No matter how well he looked in his too tight jeans, or that damn denim jacket he always wore with the super soft looking white collar.

Sherpa or wool or something. I deduced that jacket had to be lined with something to keep him warm, fleece or flannel.

Regardless, he looked like a rancher when he wore it, and that alone had all my nerve endings zinging.

Add the long, long legs with those thick thighs, the shaggy auburn hair and those weird colored eyes of his…yeah, he was hot, okay? Smoking fucking hot, but nope…my too tired brain was not going down that road.

Someone called Mason’s name from down on the sidewalk, and he jogged back down the steps to greet them. The clip clop his shoes made on the way back to the door had my ears perking up.

“Ohhhh, he’s wearing those boots, Ro!” Emily slapped my arm, then because that apparently wasn’t enough to get my attention, she added some wild clapping. “The ones you like!”

Fuck me.

Without even having to see just what boots she was referring to, I knew Mason was wearing his well-worn cowboy boots this morning, and not his usual hiking boots.

Whhhyyy even?

Who needed honest to Goddess authentic cowboy boots in Sweet Alps anyway? Okay, we were pretty far north in the state, and there were farmers and ranchers outside the city limits. But really, those boots couldn’t be practical for police work .

If he ever shows up in a full-length duster coat, we are climbing him like a tree , my badger informed me.

I chose to ignore him, even though I knew he was one hundred percent correct. Some people had suit porn; I had duster coat porn. And cowboy boot porn. And cowboy hat porn.

Who was I kidding? I had a cowboy kink, there I said it.

Don’t judge me, I liked what I liked. And I liked cowboys.

Seriously, if the man ever showed up in a long duster coat, I would probably forget all about his extremely bad habit of losing my books and beg him to take me against the checkout counter. Or on it. Both?
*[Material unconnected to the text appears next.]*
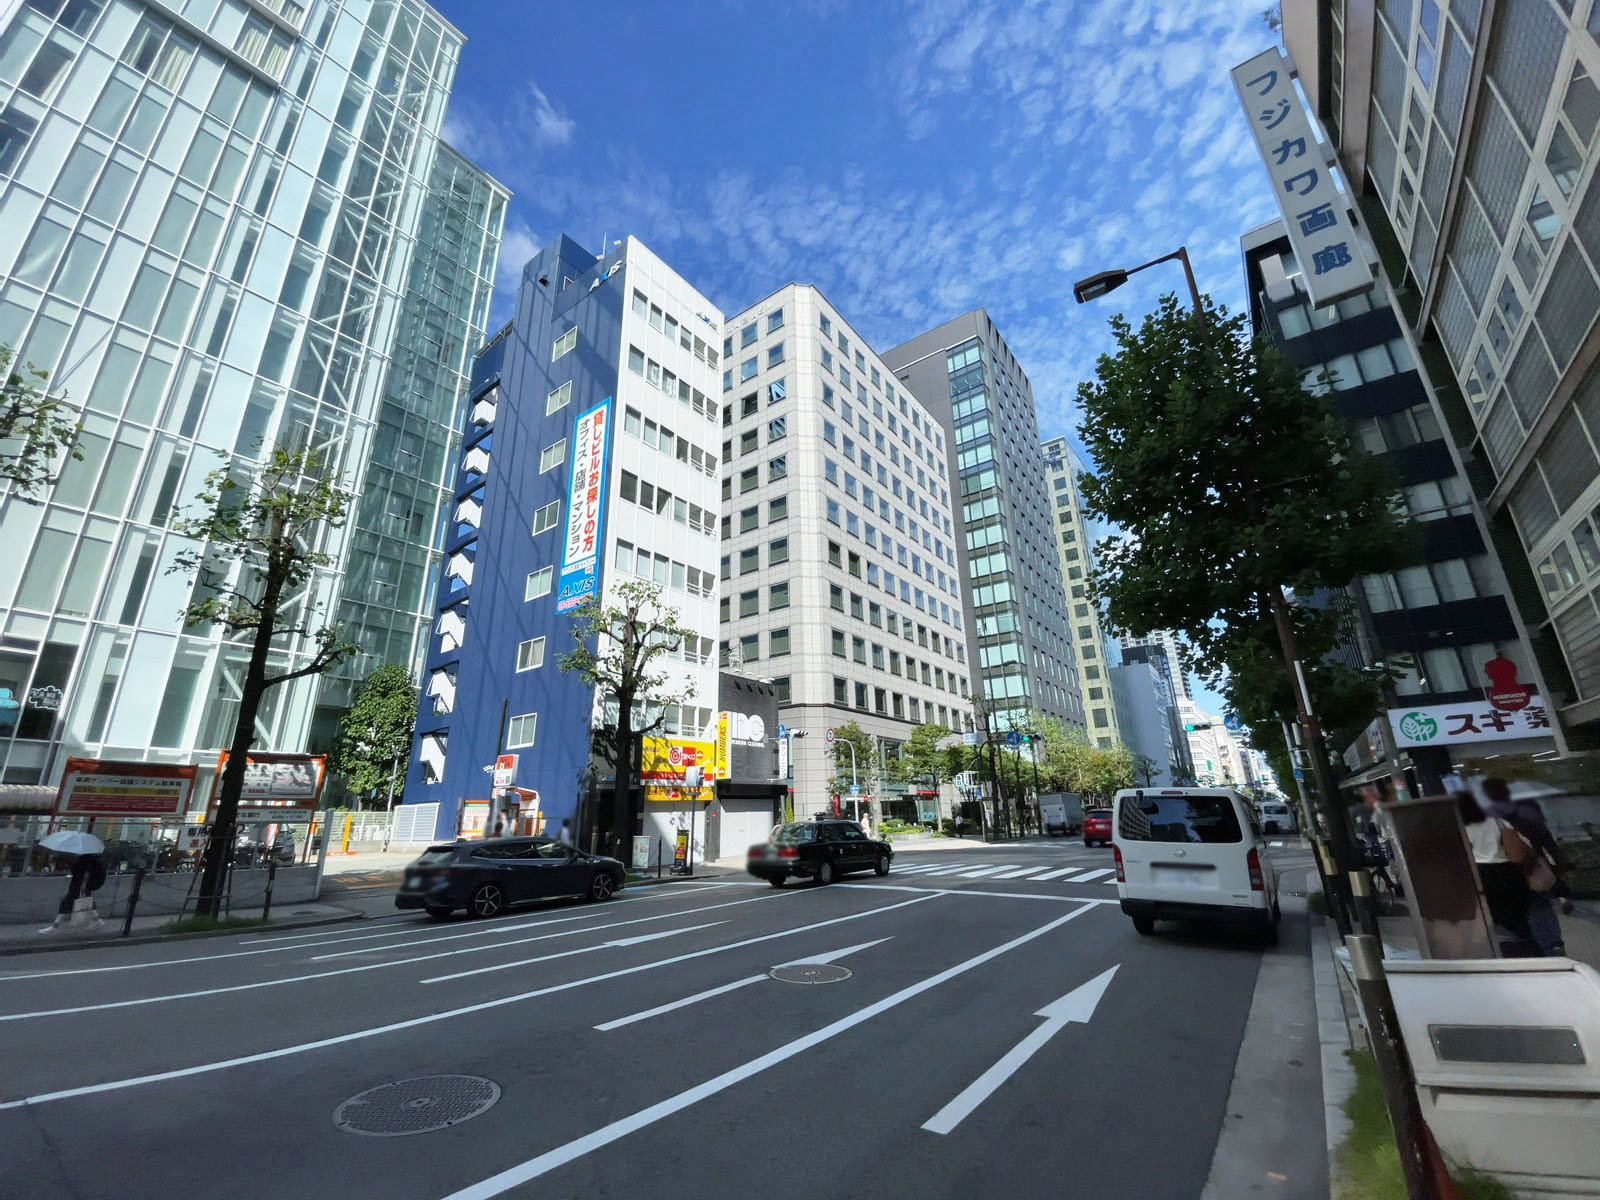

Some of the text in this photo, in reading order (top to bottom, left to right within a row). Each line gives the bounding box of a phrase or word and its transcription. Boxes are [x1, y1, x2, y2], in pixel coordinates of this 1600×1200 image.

He looked like he could go at least two rounds before he would be spent.

“Ohhh, you’re having naughty thoughts about our good sheriff again, aren’t you?” Emily cackled. “Was it the boots that did it? I bet it was the boots. You do love your cowboys.”

White hot heat flooded my face, even as I staunchly denied her accusation.

“I most certainly am not! And I do not have a thing for cowboys. Don’t you have someone else to bother?”

Mmmm, cowboys, gimme! My badger sing-songed.

Pinching the bridge of my nose, I was determined to ignore them both. I just needed to get through this day, go home and hopefully get some sleep.